Ajustes según tamaño de maceta y sustrato

  • Por volumen de sustrato: calcula dosis por litro de sustrato. Ej.: maceta de 10 L con liberación lenta a 3 g/L = 30 g por aplicación.
  • Sustratos aireados (mucha corteza/perlita): requieren riegos más frecuentes y dosis ligeras pero regulares.
  • Mezclas ricas en orgánico: reduce un 25–50% la dosis mineral.

Señales de exceso y cómo corregir

  • Exceso: puntas quemadas, hojas amarillentas que se secan rápido, costras blancas en la superficie, crecimiento detenido. Solución: en maceta, lava el sustrato con 3–4 veces el volumen de la maceta en agua, deja drenar y suspende el abonado 2–3 semanas. En casos graves, trasplanta a sustrato nuevo.
  • Deficiencia: clorosis (amarilleo), tallos finos, floración pobre. Solución: retoma abonado suave y constante; en acidófilas, comprueba pH.

Calendarios orientativos por clima

  • Templado: abona de marzo a octubre con intensidad en primavera y menor en otoño.
  • Mediterráneo: evita picos de verano; concentra en primavera y otoño.
  • Tropical o interior iluminado: abonado todo el año con dosis moderadas y riegos regulares.

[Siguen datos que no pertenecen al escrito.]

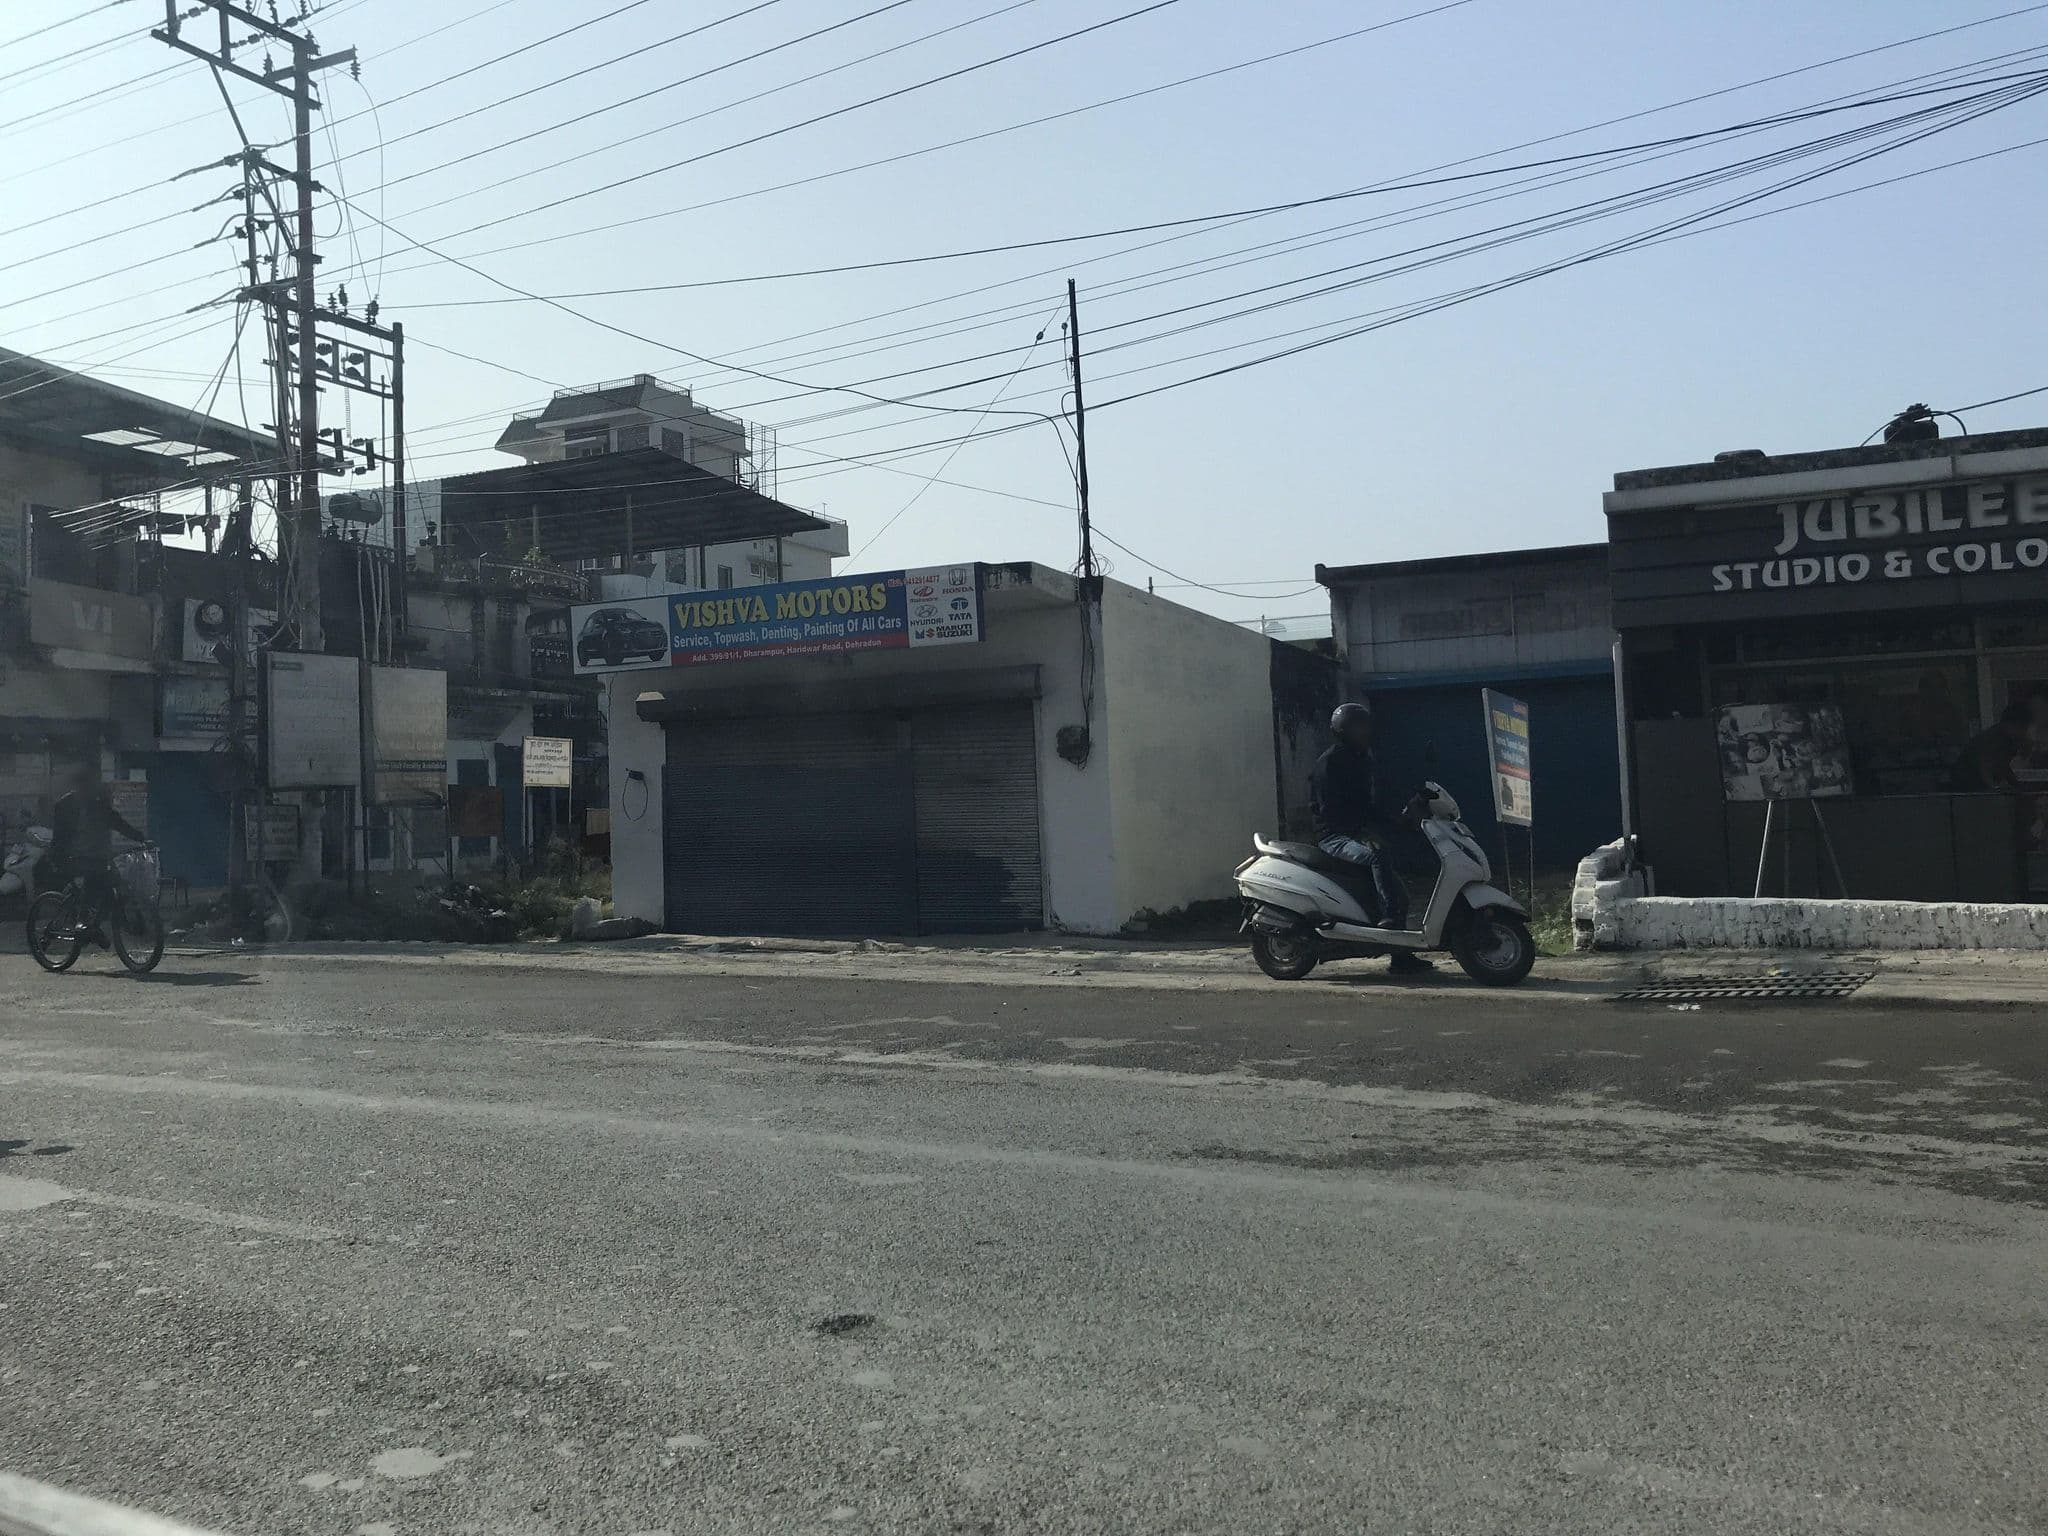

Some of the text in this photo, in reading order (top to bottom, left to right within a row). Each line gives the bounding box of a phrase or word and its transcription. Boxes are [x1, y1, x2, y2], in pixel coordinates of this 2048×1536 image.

[1774, 476, 2048, 555] JUBILEE
[1711, 538, 2048, 591] STUDIO & COLO
[942, 586, 975, 595] HONDA
[674, 582, 887, 630] VISHVA MOTORS
[948, 612, 972, 621] TATA
[674, 615, 902, 649] Service, Topwash, Denting, Painting Of All Cars
[936, 630, 973, 638] SUZUKI
[743, 647, 785, 659] Dharampur,
[786, 643, 820, 655] Haridwar
[822, 641, 844, 652] Road,
[845, 638, 882, 649] Dehradun
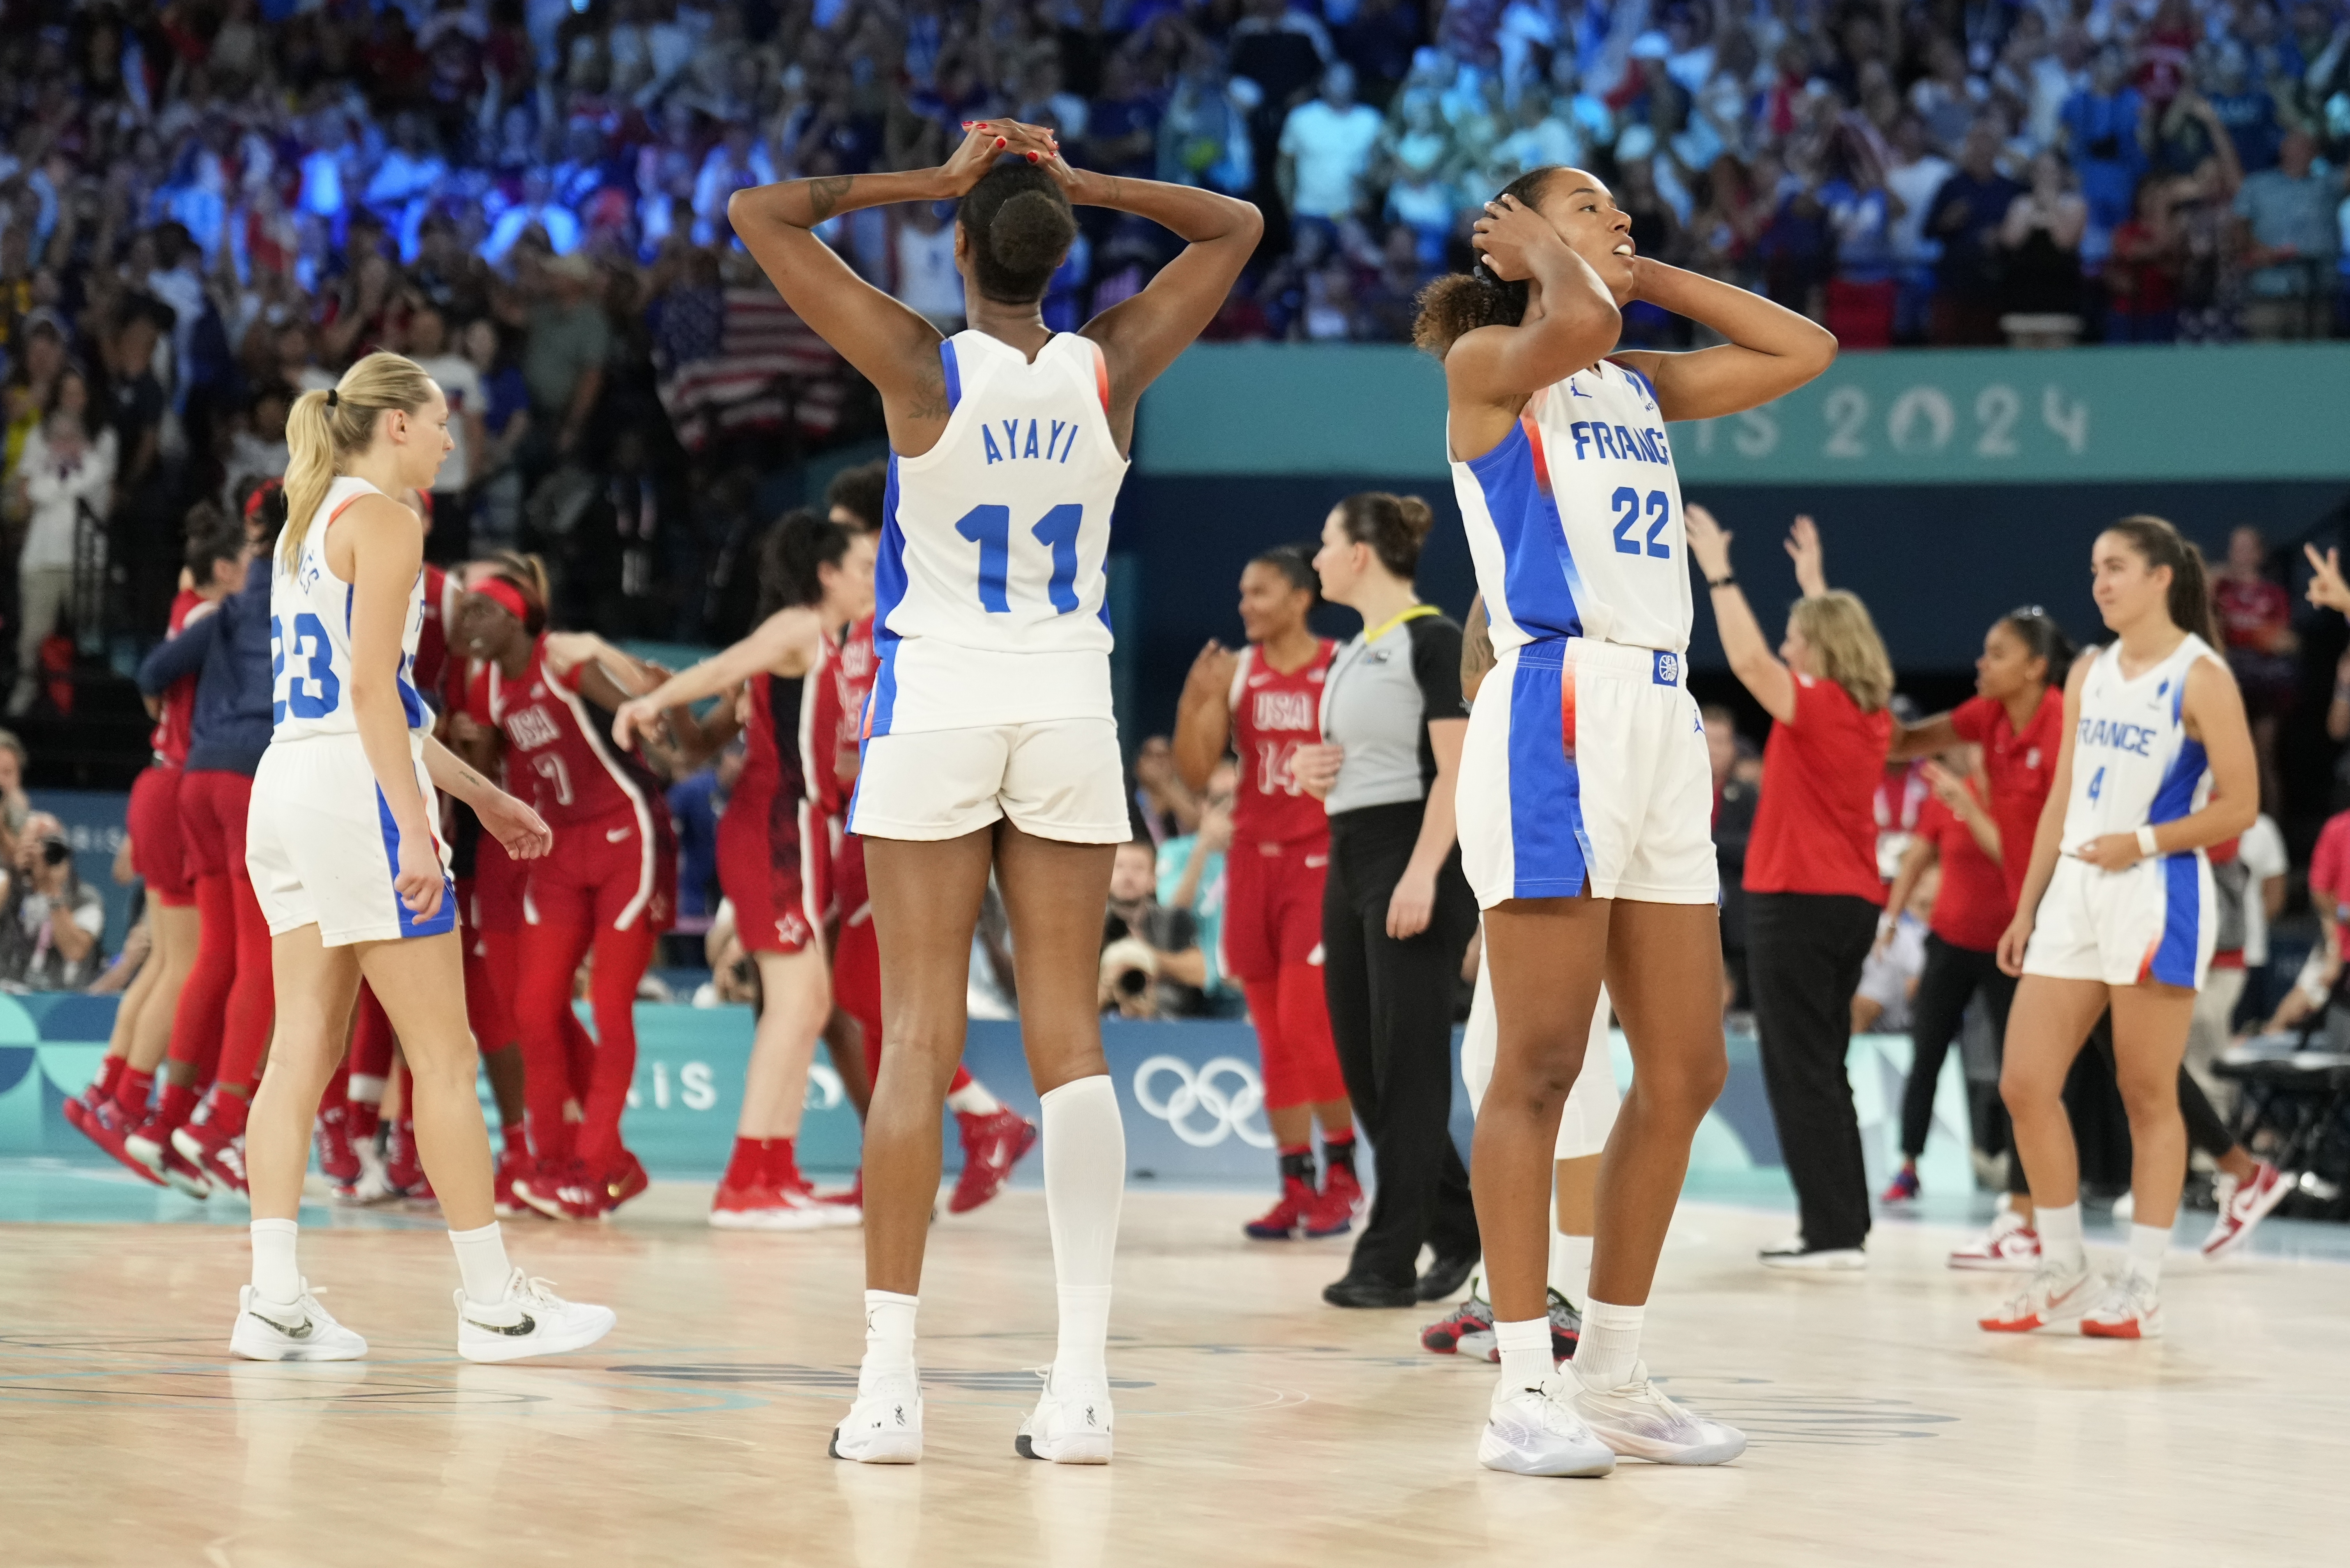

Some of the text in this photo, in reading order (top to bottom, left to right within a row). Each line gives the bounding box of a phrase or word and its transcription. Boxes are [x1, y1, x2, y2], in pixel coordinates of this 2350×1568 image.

[981, 418, 1078, 465] AYAYI
[1570, 421, 1670, 467] FRANC
[1824, 385, 2089, 457] 2024
[1612, 486, 1670, 559] 22
[954, 504, 1083, 615] 11
[271, 613, 340, 726] 23
[504, 705, 561, 752] USA
[1252, 691, 1314, 732] USA
[2076, 719, 2157, 757] RANCE
[2088, 766, 2106, 808] 4

Errores frecuentes y cómo evitarlos

  • No leer la etiqueta: cada producto tiene concentración distinta. Ajusta siempre a las instrucciones específicas.
  • Abonar sustrato seco: riega primero, abona después.
  • Exceder frecuencia y dosis a la vez: si abonas a menudo, reduce la concentración.
  • Descuidar el potasio en floración y fructificación: favorece flor y fruto sin exceso de nitrógeno.
  • No dividir aplicaciones en suelo: mejor dosis fraccionadas que una única fuerte.
  • Olvidar el orgánico: el compost mejora estructura, microbiota y libera nutrientes de forma segura.